Tarih Romanı mı?
TARİHSEL ROMAN

 

 

           

“Tarih romanı” için üç niteleme kullanılıyor günümüz edebiyat dünyasında. “Tarihsel roman” diye nitelerken bir romanı, o romanın antik ya da mitik bir dönemden kalma bir yazın yapıtı olduğunu belirtmek değil söz konusu olan. “Tarihsel bir eylem” ya da “tarihsel belge” nitelemelerindeki “tarihsel” takısı “romanın” önüne gelince bir roman türünü imler bir içerik kazanıyor. Doğrudan doğruya “geçmişte kalmış, tarih içinde yerini bulmuş” bir dönemsellikte geçen roman zamanını niteler bir hal alıyor ve bu da o romanın türsel nitelemesini belirliyor. “Tarihi roman” nitelemesini de bir olayın “tarihi” önemini belirtmek için kullandığımız “tarihi” nitelemesini taşıyor. Örneğin bugün yazılan bir romanın mükemmelliğini vurgulamak için de kullanabiliriz “tarihi roman” nitelemesini. “Tarih romanı” bu tür romanı anlatmakta belki de en uygun kavram ama onun da içeriksel olarak sorunlu durduğu kesin.
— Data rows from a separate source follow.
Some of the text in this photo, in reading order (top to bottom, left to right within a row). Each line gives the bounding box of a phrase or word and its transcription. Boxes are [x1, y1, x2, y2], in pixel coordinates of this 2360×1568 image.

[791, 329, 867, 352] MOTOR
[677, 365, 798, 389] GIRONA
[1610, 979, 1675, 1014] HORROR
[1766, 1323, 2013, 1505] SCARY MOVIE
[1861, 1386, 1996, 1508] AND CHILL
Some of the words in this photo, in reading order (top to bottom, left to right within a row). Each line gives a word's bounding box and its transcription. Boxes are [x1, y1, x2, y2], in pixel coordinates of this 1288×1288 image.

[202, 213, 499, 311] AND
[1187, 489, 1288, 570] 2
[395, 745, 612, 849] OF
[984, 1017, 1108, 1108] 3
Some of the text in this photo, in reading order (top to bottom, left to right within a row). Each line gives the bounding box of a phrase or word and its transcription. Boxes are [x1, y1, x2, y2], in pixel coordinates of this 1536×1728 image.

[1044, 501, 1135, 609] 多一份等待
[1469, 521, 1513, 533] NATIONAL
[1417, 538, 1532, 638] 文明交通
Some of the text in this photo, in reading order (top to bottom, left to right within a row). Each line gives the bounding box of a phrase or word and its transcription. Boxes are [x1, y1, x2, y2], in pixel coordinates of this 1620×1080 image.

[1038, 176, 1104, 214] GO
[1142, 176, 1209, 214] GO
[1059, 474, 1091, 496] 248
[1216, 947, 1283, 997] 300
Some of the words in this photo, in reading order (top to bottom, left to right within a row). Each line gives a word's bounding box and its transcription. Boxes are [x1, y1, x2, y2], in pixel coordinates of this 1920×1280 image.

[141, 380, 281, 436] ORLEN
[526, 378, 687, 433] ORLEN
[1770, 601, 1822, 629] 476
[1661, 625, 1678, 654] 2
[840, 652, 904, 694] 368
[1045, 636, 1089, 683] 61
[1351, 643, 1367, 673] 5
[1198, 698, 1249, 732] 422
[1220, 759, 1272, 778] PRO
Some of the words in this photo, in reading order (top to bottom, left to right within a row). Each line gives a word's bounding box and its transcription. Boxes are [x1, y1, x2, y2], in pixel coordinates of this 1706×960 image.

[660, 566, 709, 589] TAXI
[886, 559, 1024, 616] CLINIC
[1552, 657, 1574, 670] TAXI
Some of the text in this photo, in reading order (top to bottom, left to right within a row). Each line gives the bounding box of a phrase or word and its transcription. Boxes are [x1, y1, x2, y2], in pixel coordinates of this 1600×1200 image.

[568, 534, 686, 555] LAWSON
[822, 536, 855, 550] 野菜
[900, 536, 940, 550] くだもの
Bütün sorunlarına rağmen bu üç niteleme de artık kullanıldığında okurun zihninde nasıl bir romanın anlatılmak istendiğini belirtebiliyor. Bunu bugün için yeterli olmasa bile geçerli bir kullanım olduğunu kabul edelim ve benim bu konuda “tarih romanı” nitelemesini biraz daha ehveni şer bulduğumu belirteyim.

 

2000'lerin başından itibaren “tarih romanı”nıyla birlikte tarih kitaplarına da özel bir ilginin bulunduğunu hemen herkes görüyor. Yayınevlerinin bütün öteki dizileri arasında bu dizilerden çıkan kitapları her zaman daha çok ilgi görüyor. Tarihin bittiği bir nokta olarak nitelenen günümüz dünyası için bu ilginin çarpıcı olduğunu da söylemek mümkün? Tabii bu ilginin nasıl bir “tarih romanı”nda yoğunlaştığı sorusu öteki birçok edebi sorunda olduğu gibi gölgede kalıyor. Bugün için garip bir ironiyle tarihin sonunun ideolojisi postmodernizmin “postmodern tarih romanın”da yoğunlaştığını saptayabiliriz. “Postmodern tarihsel romanın özelliklerini Eco’nun romancılığında yola çıkarak saptayan Göğebakan’dan aktarırsak: Bir belirsizlik egemen olay örgüsünde. Okur anlatılanlardan neyin doğru neyin yanlış anlamıyor neredeyse. (...) Roman düpedüz okurun tarihle ilgili bildiklerini ters yüz edecek biçimde kurgulanmış; Eco’nun romanının üstlendiği işlev, kelimenin tam anlamıyla tarih bozuculuğu olarak imlenebilir.(1) Aslında bu özelliklere baktığımızda post-sanatın temel sanat anlayışının nitelikleriyle bire bir örtüştüğünü görebiliriz. Post-sanatın; özellikle “tarihe mal olmuş” metinleri yapıbozum ve pastiş (yamalama) yöntemleriyle “itibarsızlaştırma” amacıyla “sıradanlığa indirgeyerek”, modernist seçkinci sanatı “gündelik” olan içinde eritip “seçkin”liğini yok etmek olarak özetlenebilecek bu anlayışını “tarih romanı” için hem “tarih” hem de “roman” için gerçekleştirdiğini saptayabiliriz.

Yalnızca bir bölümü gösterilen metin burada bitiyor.